Pirtskhalava Malak, Vishnepolsky Boris, Grigolava Maya, Managadze Grigol
Ivane Beritashvili Center of Experimental Biomedicine, Tbilisi 0160, Georgia.
Pharmaceuticals (Basel). 2021 May 17;14(5):471. doi: 10.3390/ph14050471.
Antimicrobial peptides (AMPs) are anti-infectives that have the potential to be used as a novel and untapped class of biotherapeutics. Modes of action of antimicrobial peptides include interaction with the cell envelope (cell wall, outer- and inner-membrane). A comprehensive understanding of the peculiarities of interaction of antimicrobial peptides with the cell envelope is necessary to perform a rational design of new biotherapeutics, against which working out resistance is hard for microbes. In order to enable de novo design with low cost and high throughput, in silico predictive models have to be invoked. To develop an efficient predictive model, a comprehensive understanding of the sequence-to-function relationship is required. This knowledge will allow us to encode amino acid sequences expressively and to adequately choose the accurate AMP classifier. A shared protective layer of microbial cells is the inner, plasmatic membrane. The interaction of AMP with a biological membrane (native and/or artificial) has been comprehensively studied. We provide a review of mechanisms and results of interactions of AMP with the cell membrane, relying on the survey of physicochemical, aggregative, and structural features of AMPs.

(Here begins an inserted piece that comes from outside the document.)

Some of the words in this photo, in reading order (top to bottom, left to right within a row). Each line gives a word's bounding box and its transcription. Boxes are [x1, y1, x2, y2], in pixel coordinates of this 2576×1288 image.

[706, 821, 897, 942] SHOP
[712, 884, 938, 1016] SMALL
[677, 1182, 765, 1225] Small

The potency and mechanism of AMP action are presented in terms of amino acid compositions and distributions of the polar and apolar residues along the chain, that is, in terms of the physicochemical features of peptides such as hydrophobicity, hydrophilicity, and amphiphilicity. The survey of current data highlights topics that should be taken into account to come up with a comprehensive explanation of the mechanisms of action of AMP and to uncover the physicochemical faces of peptides, essential to perform their function. Many different approaches have been used to classify AMPs, including machine learning. The survey of knowledge on sequences, structures, and modes of actions of AMP allows concluding that only possessing comprehensive information on physicochemical features of AMPs enables us to develop accurate classifiers and create effective methods of prediction. Consequently, this knowledge is necessary for the development of design tools for peptide-based antibiotics.

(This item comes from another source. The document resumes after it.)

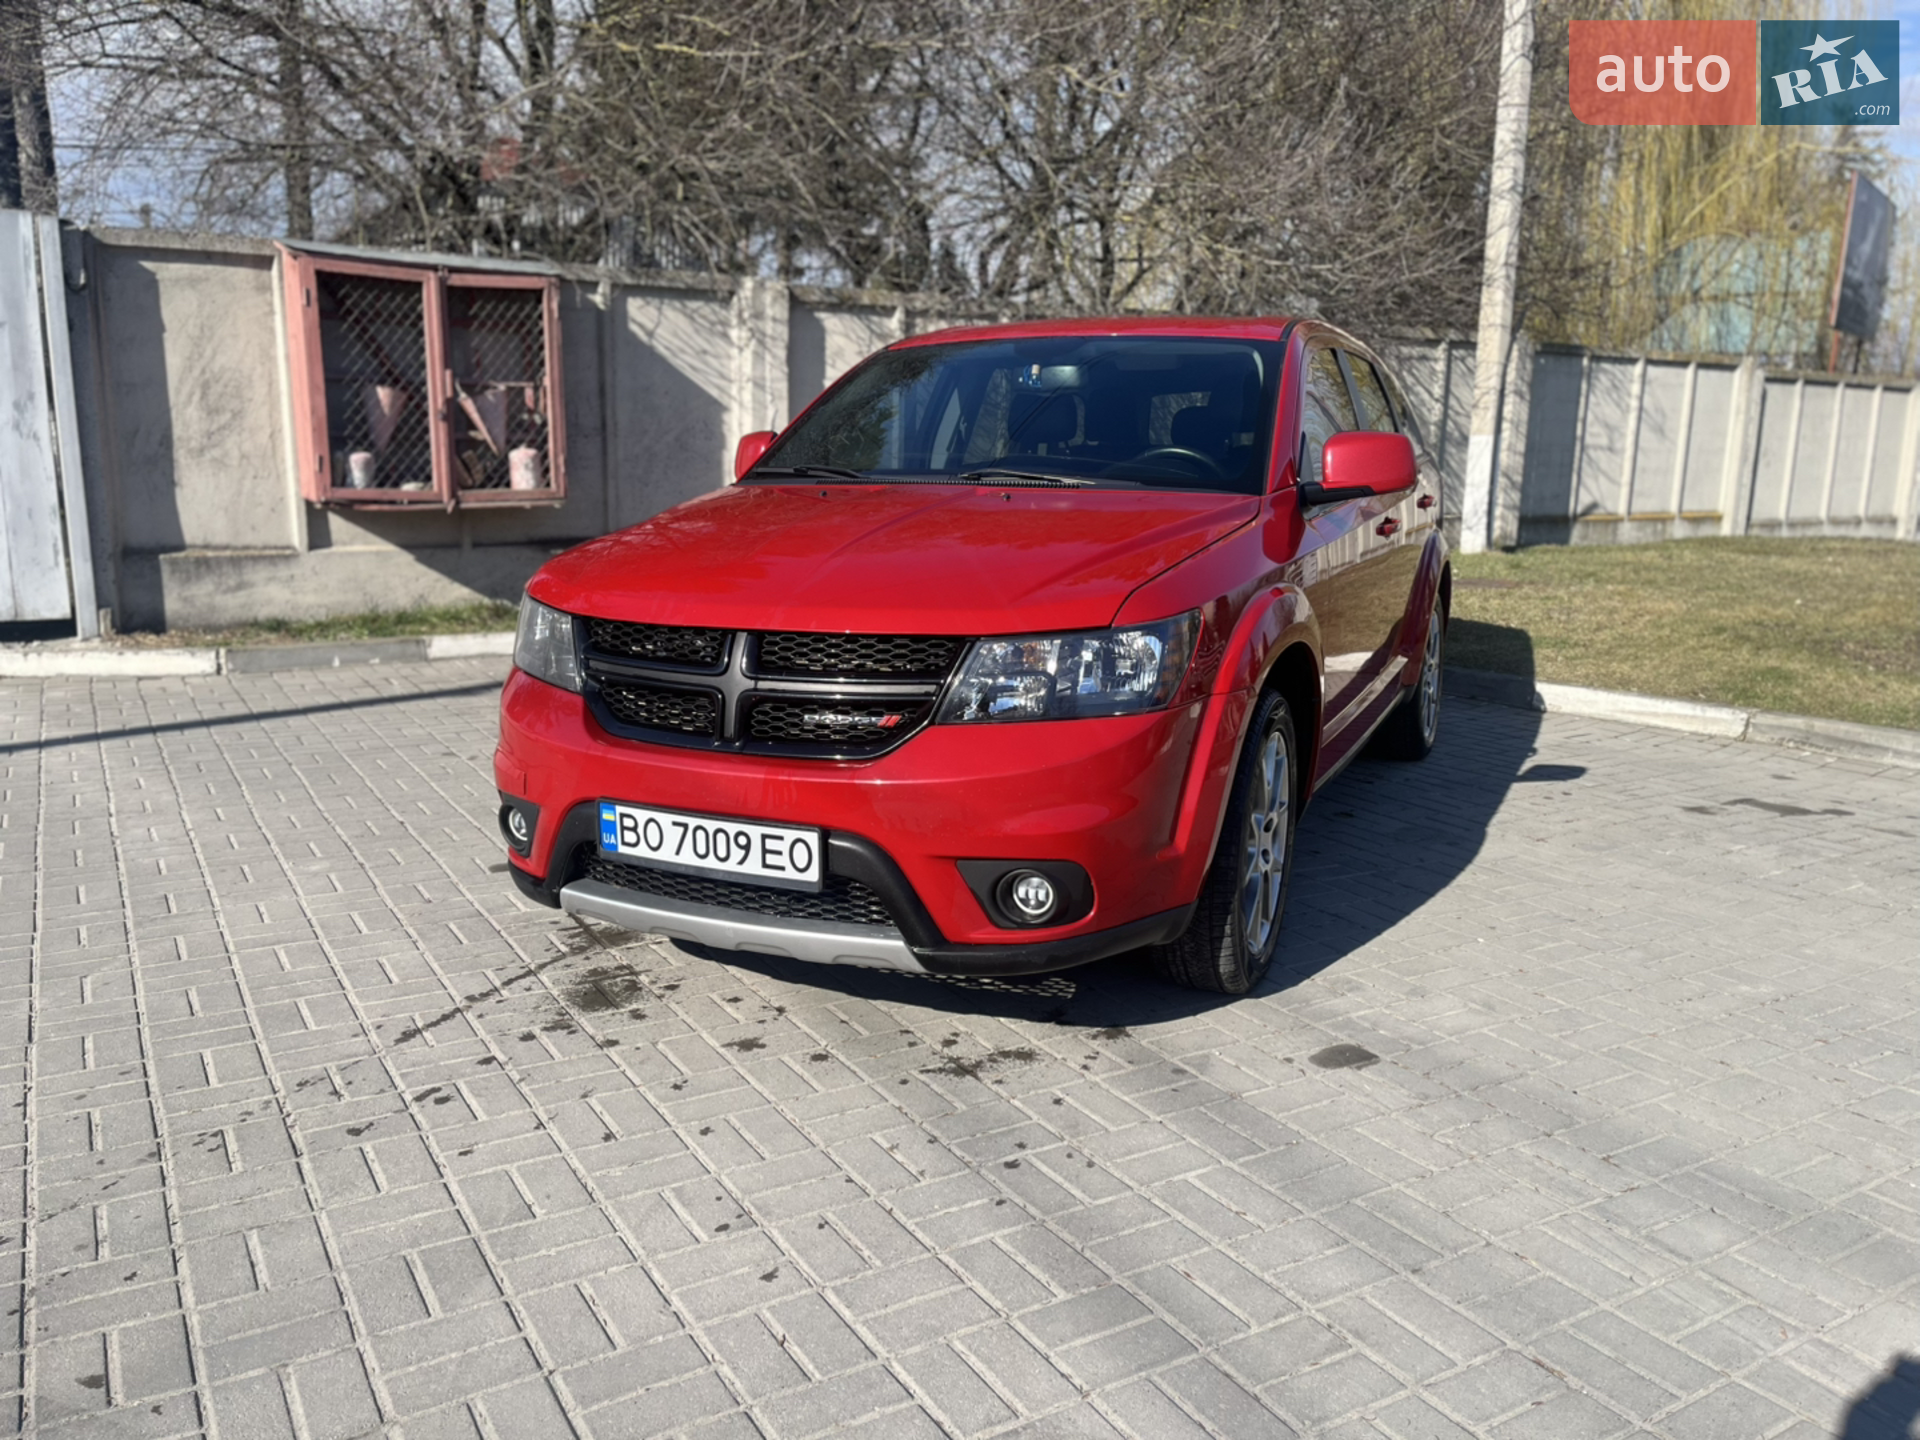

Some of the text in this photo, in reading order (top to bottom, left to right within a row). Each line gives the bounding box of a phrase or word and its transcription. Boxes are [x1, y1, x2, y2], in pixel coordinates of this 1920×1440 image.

[603, 831, 617, 846] UA
[619, 812, 813, 873] BO 7009 EO

抗菌肽(AMPs)是一类抗感染药物,有潜力作为一类新型且尚未开发的生物治疗剂。抗菌肽的作用方式包括与细胞包膜(细胞壁、外膜和内膜)相互作用。全面了解抗菌肽与细胞包膜相互作用的特性,对于合理设计新型生物治疗剂至关重要,因为微生物很难对其产生耐药性。为了实现低成本、高通量的从头设计,必须借助计算机预测模型。要开发高效的预测模型,需要全面了解序列与功能的关系。这些知识将使我们能够有效地编码氨基酸序列,并恰当地选择准确的抗菌肽分类器。微生物细胞的一个共同保护层是内质膜。抗菌肽与生物膜(天然和/或人工)的相互作用已得到广泛研究。我们依据对抗菌肽物理化学、聚集和结构特征的研究,综述了抗菌肽与细胞膜相互作用的机制和结果。抗菌肽作用的效力和机制从氨基酸组成以及极性和非极性残基沿链的分布方面进行阐述,即从肽的物理化学特征如疏水性、亲水性和两亲性方面进行阐述。对现有数据的研究突出了一些主题,这些主题对于全面解释抗菌肽的作用机制以及揭示肽发挥其功能所必需的物理化学特性至关重要。已经使用了许多不同的方法对抗菌肽进行分类,包括机器学习。对抗菌肽的序列、结构和作用方式的知识研究表明,只有掌握抗菌肽物理化学特征的全面信息,才能开发出准确的分类器并创建有效的预测方法。因此,这些知识对于基于肽抗生素的设计工具开发是必要的。